End to end encryption in JS Web Apps
Asymmetric encryption suffers from the same problems as OpenID, it’s a complex subject and if its success is conditional on being understood by your average user then it will never be popular in the mainstream. The only way to deal with crypto is to do what we programmers do best: abstract it and make it work transparently behind the scenes.
The issue is with ‘The Cloud’. A lot of communication applications, perhaps the majority of them, are served and hosted remotely. So how can we add encryption to hosted web apps? We need to solve three problems:
- Asymmetric (RSA) encryption/decryption routines in the browser
- Public key discovery
- Secure private key distribution amongst a users’ devices
There are a few ways that public key discovery could be implemented. For example, this could be part of the JS web app - the first time the user signs up their public key (stored in the browser’s keychain) is requested and stored. Indeed WebCrypto contains provisions for generating & retrieving keys.
Again, this is open to abuse - a malicious service provide could MITM communications by inserting their own public key. However, like the previous attack this ultimately could be detected (not least by key pinning).

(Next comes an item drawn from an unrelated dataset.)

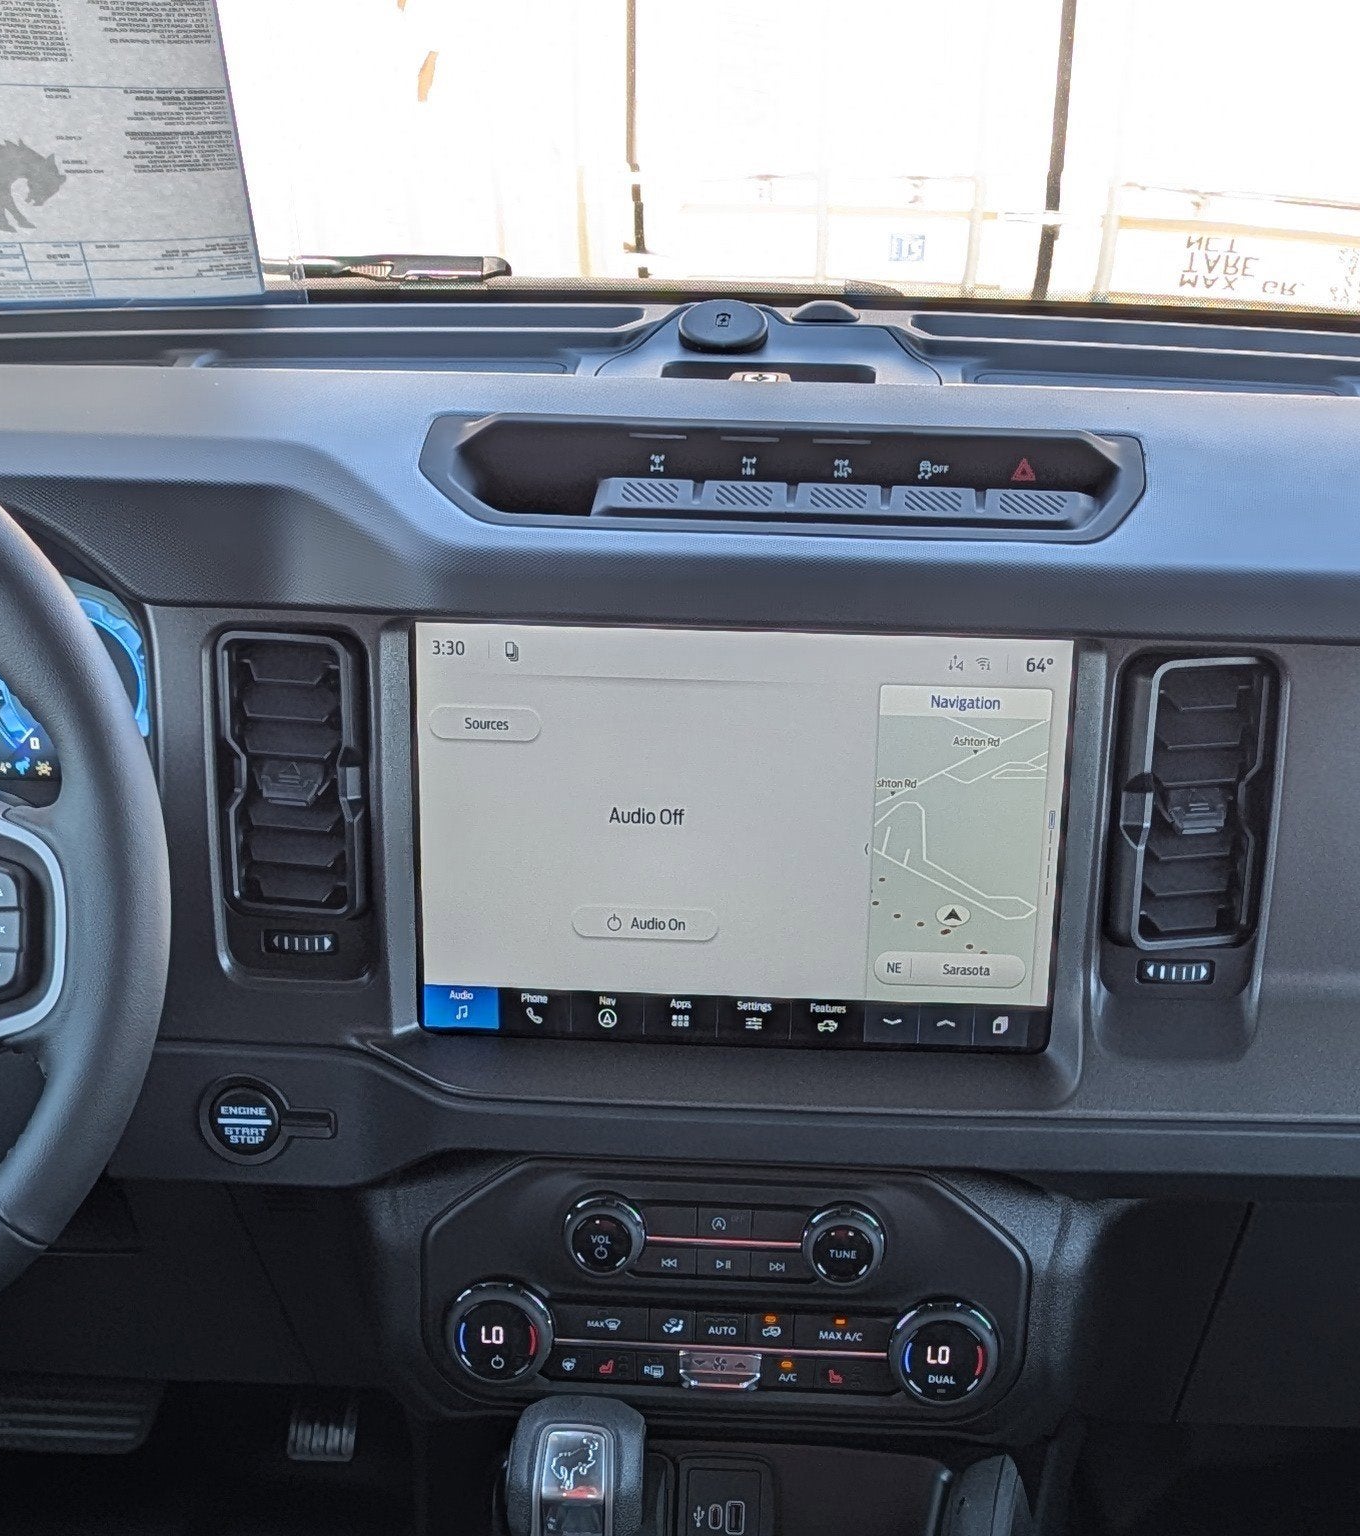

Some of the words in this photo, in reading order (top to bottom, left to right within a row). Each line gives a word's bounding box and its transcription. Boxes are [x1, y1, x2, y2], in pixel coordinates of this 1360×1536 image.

The last issue is private key distribution. Your average user wants apps to work seamlessly between their devices without them having to manually copy over private keys. In addition syncing private keys with an external provider, such as Apple, clearly isn’t secure. How do we provide an easy key distribution system?
To be honest, I don’t have a good answer here. Perhaps secure synchronization on the local network similar to the way OSX’s AirDrop works? Or perhaps we should just encrypt and duplicate each message multiple times for all the recipient’s devices?
Security is always a trade-off with convenience, and the solutions I’ve presented above clearly have their own compromises. Indeed, as well as the security concessions I listed above, there are also convenience ones too. For example, without the plain text of a message web apps can’t offer search. However, surely these compromises are better then the situation we’re in now - no security at all.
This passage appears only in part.